- **What you will do**
Write the listing out again, exactly as it reads below.

- **Exercise material**
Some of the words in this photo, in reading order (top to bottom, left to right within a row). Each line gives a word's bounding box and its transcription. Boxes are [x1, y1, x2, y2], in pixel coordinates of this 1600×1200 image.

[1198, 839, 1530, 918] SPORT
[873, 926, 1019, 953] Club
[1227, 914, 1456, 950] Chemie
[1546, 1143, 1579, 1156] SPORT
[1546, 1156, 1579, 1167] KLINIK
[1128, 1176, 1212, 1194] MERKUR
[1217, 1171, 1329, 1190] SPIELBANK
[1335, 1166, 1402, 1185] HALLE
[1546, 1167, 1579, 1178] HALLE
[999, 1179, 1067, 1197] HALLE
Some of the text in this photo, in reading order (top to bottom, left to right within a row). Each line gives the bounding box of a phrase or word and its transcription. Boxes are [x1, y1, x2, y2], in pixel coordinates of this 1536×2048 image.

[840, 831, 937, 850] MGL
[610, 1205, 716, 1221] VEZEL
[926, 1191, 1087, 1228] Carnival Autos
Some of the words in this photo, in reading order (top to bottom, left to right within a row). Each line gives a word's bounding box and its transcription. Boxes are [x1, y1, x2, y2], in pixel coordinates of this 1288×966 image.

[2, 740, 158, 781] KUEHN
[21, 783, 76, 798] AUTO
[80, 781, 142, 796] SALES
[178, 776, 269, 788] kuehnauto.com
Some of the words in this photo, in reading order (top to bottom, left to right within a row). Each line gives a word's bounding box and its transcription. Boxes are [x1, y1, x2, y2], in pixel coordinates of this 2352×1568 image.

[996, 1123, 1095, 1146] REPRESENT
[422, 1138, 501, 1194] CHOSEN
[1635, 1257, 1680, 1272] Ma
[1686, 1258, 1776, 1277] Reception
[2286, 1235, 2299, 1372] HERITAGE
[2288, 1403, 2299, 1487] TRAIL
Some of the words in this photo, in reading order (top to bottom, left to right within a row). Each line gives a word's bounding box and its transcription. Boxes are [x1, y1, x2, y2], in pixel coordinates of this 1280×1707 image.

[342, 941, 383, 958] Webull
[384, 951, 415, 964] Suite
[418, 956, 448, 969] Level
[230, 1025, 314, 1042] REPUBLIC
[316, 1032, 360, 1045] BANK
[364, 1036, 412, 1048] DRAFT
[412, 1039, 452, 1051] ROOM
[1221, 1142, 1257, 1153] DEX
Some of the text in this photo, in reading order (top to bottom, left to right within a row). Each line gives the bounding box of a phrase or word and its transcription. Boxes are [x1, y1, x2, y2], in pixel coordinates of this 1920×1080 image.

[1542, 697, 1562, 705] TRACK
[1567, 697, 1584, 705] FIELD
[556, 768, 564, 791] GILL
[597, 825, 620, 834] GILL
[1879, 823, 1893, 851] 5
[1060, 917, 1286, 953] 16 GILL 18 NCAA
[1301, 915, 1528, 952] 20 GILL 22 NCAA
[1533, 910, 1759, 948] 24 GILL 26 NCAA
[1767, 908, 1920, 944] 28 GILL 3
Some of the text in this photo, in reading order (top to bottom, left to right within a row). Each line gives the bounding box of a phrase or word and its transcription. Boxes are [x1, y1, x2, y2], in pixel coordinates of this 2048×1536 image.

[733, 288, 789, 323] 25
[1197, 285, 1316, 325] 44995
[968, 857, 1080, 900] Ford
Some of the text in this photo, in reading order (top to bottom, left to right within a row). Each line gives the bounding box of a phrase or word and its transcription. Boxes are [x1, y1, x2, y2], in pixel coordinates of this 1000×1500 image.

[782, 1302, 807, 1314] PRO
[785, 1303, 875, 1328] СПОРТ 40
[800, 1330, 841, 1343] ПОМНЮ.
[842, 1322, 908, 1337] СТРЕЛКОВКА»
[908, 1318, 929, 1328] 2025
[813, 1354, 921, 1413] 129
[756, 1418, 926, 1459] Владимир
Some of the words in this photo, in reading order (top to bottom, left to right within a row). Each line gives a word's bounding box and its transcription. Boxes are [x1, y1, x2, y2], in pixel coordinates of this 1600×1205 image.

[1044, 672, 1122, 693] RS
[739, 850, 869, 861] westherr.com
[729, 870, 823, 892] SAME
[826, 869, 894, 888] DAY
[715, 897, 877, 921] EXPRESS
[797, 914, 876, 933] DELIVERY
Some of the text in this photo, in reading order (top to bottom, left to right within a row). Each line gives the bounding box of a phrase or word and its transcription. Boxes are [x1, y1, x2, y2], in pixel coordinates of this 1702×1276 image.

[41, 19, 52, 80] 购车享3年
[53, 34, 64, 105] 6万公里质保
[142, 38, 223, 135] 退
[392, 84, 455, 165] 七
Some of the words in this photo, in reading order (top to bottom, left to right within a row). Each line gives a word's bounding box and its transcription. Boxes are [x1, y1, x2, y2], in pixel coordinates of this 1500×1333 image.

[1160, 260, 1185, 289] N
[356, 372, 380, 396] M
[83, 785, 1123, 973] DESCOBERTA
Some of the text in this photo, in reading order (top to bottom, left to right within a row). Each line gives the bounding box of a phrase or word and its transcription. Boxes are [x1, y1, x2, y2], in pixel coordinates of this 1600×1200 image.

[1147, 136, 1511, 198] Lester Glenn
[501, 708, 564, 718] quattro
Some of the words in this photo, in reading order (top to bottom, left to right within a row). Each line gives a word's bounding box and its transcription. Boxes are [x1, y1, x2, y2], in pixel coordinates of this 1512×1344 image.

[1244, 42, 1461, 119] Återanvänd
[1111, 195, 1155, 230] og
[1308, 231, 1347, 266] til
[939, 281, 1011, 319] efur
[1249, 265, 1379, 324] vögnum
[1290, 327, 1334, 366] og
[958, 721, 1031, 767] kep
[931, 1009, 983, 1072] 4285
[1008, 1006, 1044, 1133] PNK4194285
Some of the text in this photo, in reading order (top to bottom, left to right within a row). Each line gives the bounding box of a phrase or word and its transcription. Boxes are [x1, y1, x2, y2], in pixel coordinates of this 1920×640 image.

- **Response area**
Some of the words in this photo, in reading order (top to bottom, left to right within a row). Each line gives a word's bounding box and its transcription. Boxes are [x1, y1, x2, y2], in pixel coordinates of this 1600×1200 image.

[1198, 839, 1530, 918] SPORT
[873, 926, 1019, 953] Club
[1227, 914, 1456, 950] Chemie
[1546, 1143, 1579, 1156] SPORT
[1546, 1156, 1579, 1167] KLINIK
[1128, 1176, 1212, 1194] MERKUR
[1217, 1171, 1329, 1190] SPIELBANK
[1335, 1166, 1402, 1185] HALLE
[1546, 1167, 1579, 1178] HALLE
[999, 1179, 1067, 1197] HALLE
Some of the text in this photo, in reading order (top to bottom, left to right within a row). Each line gives the bounding box of a phrase or word and its transcription. Boxes are [x1, y1, x2, y2], in pixel coordinates of this 1536×2048 image.

[840, 831, 937, 850] MGL
[610, 1205, 716, 1221] VEZEL
[926, 1191, 1087, 1228] Carnival Autos
Some of the words in this photo, in reading order (top to bottom, left to right within a row). Each line gives a word's bounding box and its transcription. Boxes are [x1, y1, x2, y2], in pixel coordinates of this 1288×966 image.

[2, 740, 158, 781] KUEHN
[21, 783, 76, 798] AUTO
[80, 781, 142, 796] SALES
[178, 776, 269, 788] kuehnauto.com
Some of the words in this photo, in reading order (top to bottom, left to right within a row). Each line gives a word's bounding box and its transcription. Boxes are [x1, y1, x2, y2], in pixel coordinates of this 2352×1568 image.

[996, 1123, 1095, 1146] REPRESENT
[422, 1138, 501, 1194] CHOSEN
[1635, 1257, 1680, 1272] Ma
[1686, 1258, 1776, 1277] Reception
[2286, 1235, 2299, 1372] HERITAGE
[2288, 1403, 2299, 1487] TRAIL
Some of the words in this photo, in reading order (top to bottom, left to right within a row). Each line gives a word's bounding box and its transcription. Boxes are [x1, y1, x2, y2], in pixel coordinates of this 1280×1707 image.

[342, 941, 383, 958] Webull
[384, 951, 415, 964] Suite
[418, 956, 448, 969] Level
[230, 1025, 314, 1042] REPUBLIC
[316, 1032, 360, 1045] BANK
[364, 1036, 412, 1048] DRAFT
[412, 1039, 452, 1051] ROOM
[1221, 1142, 1257, 1153] DEX
Some of the text in this photo, in reading order (top to bottom, left to right within a row). Each line gives the bounding box of a phrase or word and its transcription. Boxes are [x1, y1, x2, y2], in pixel coordinates of this 1920×1080 image.

[1542, 697, 1562, 705] TRACK
[1567, 697, 1584, 705] FIELD
[556, 768, 564, 791] GILL
[597, 825, 620, 834] GILL
[1879, 823, 1893, 851] 5
[1060, 917, 1286, 953] 16 GILL 18 NCAA
[1301, 915, 1528, 952] 20 GILL 22 NCAA
[1533, 910, 1759, 948] 24 GILL 26 NCAA
[1767, 908, 1920, 944] 28 GILL 3
Some of the text in this photo, in reading order (top to bottom, left to right within a row). Each line gives the bounding box of a phrase or word and its transcription. Boxes are [x1, y1, x2, y2], in pixel coordinates of this 2048×1536 image.

[733, 288, 789, 323] 25
[1197, 285, 1316, 325] 44995
[968, 857, 1080, 900] Ford
Some of the text in this photo, in reading order (top to bottom, left to right within a row). Each line gives the bounding box of a phrase or word and its transcription. Boxes are [x1, y1, x2, y2], in pixel coordinates of this 1000×1500 image.

[782, 1302, 807, 1314] PRO
[785, 1303, 875, 1328] СПОРТ 40
[800, 1330, 841, 1343] ПОМНЮ.
[842, 1322, 908, 1337] СТРЕЛКОВКА»
[908, 1318, 929, 1328] 2025
[813, 1354, 921, 1413] 129
[756, 1418, 926, 1459] Владимир
Some of the words in this photo, in reading order (top to bottom, left to right within a row). Each line gives a word's bounding box and its transcription. Boxes are [x1, y1, x2, y2], in pixel coordinates of this 1600×1205 image.

[1044, 672, 1122, 693] RS
[739, 850, 869, 861] westherr.com
[729, 870, 823, 892] SAME
[826, 869, 894, 888] DAY
[715, 897, 877, 921] EXPRESS
[797, 914, 876, 933] DELIVERY
Some of the text in this photo, in reading order (top to bottom, left to right within a row). Each line gives the bounding box of a phrase or word and its transcription. Boxes are [x1, y1, x2, y2], in pixel coordinates of this 1702×1276 image.

[41, 19, 52, 80] 购车享3年
[53, 34, 64, 105] 6万公里质保
[142, 38, 223, 135] 退
[392, 84, 455, 165] 七
Some of the words in this photo, in reading order (top to bottom, left to right within a row). Each line gives a word's bounding box and its transcription. Boxes are [x1, y1, x2, y2], in pixel coordinates of this 1500×1333 image.

[1160, 260, 1185, 289] N
[356, 372, 380, 396] M
[83, 785, 1123, 973] DESCOBERTA
Some of the text in this photo, in reading order (top to bottom, left to right within a row). Each line gives the bounding box of a phrase or word and its transcription. Boxes are [x1, y1, x2, y2], in pixel coordinates of this 1600×1200 image.

[1147, 136, 1511, 198] Lester Glenn
[501, 708, 564, 718] quattro
Some of the words in this photo, in reading order (top to bottom, left to right within a row). Each line gives a word's bounding box and its transcription. Boxes are [x1, y1, x2, y2], in pixel coordinates of this 1512×1344 image.

[1244, 42, 1461, 119] Återanvänd
[1111, 195, 1155, 230] og
[1308, 231, 1347, 266] til
[939, 281, 1011, 319] efur
[1249, 265, 1379, 324] vögnum
[1290, 327, 1334, 366] og
[958, 721, 1031, 767] kep
[931, 1009, 983, 1072] 4285
[1008, 1006, 1044, 1133] PNK4194285
Some of the text in this photo, in reading order (top to bottom, left to right within a row). Each line gives the bounding box of a phrase or word and its transcription. Boxes are [x1, y1, x2, y2], in pixel coordinates of this 1920×640 image.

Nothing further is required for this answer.